Dr. David Brower was raised in Phoenix and is one of the few primary-care doctors at Benson Hospital, which serves a population of less than 5,000. Since he started working there last year, he has been deluged with patients who let health issues grow because of the lack of doctor access. It’s been stressful but also deeply fulfilling, he said.

“I’ve had patients where it’s been the case that they haven’t seen the doctor for 20 years,” Brower said. “Now, six, nine months later, them being like, ‘Doc, you changed my life. You absolutely changed my life. I didn’t think I was going to live five years and now I’m hopeful for the future.’ That’s not something you can get from city practice.”

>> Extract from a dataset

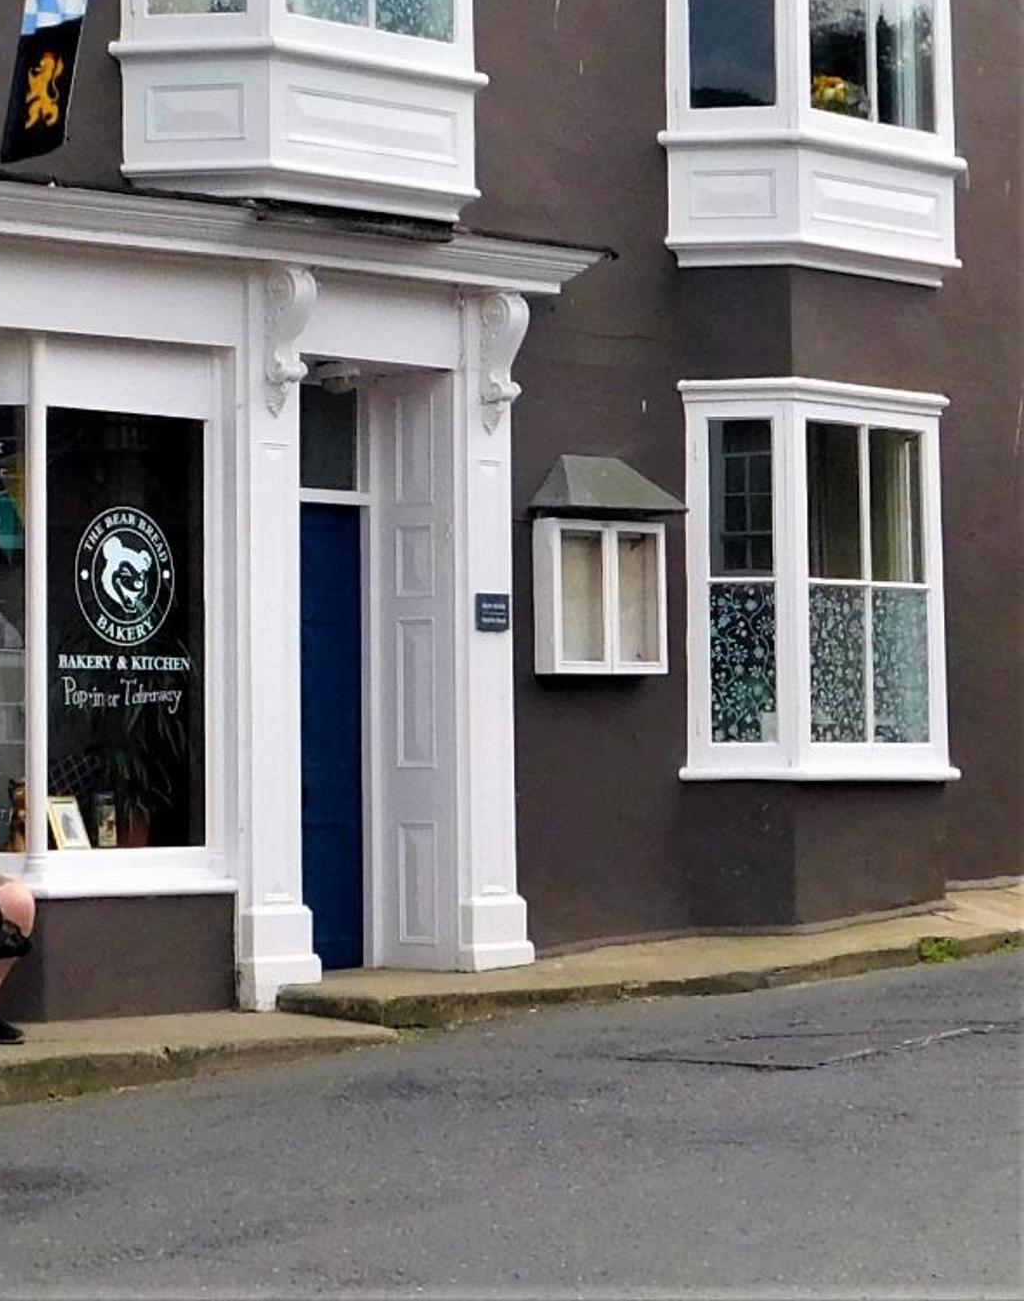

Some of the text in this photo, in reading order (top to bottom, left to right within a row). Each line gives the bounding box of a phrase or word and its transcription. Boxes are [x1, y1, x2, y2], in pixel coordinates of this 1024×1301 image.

[84, 513, 168, 562] THE BEAR BREAD
[96, 614, 154, 640] BAKERY
[58, 654, 190, 670] BAKERY & KITCHEN

Some lawmakers and health care advocates are looking at home-grown solutions such as urging residents in these communities to pursue medicine.

“It’s a pipeline issue,” said state Sen. Heather Carter, a Phoenix-area Republican and chairwoman of the state Legislature’s Health Committee. She advocates instituting strong science curriculum in elementary schools in rural areas. Also, Arizona must offer more opportunities for medical students to take up residency in these communities.

Carter’s advocacy has contributed to awareness and more funding for new residency slots. The Legislature in May approved a budget that includes for the first time in 10 years funding for residency. Roughly $5.6 million in state and federal dollars has been earmarked for graduate medical education in rural areas in fiscal year 2020. The figure will go up to $11 million in 2010 and $16.7 million in 2022.

“This is a very big deal,” Carter said.

It’s ultimately patients who suffer the most from a lack of physicians. Those who lean on rural hospitals find it more difficult to get follow-up appointments. That can lead to patients going weeks without treatment or medical advice.

“This is this vicious cycle,” said Dr. Kristina Diaz, a family medicine practitioner at Yuma Regional Medical Center. “And I worry that it’s going to get worse as more people start retiring, if we don’t start replacing the workforce.”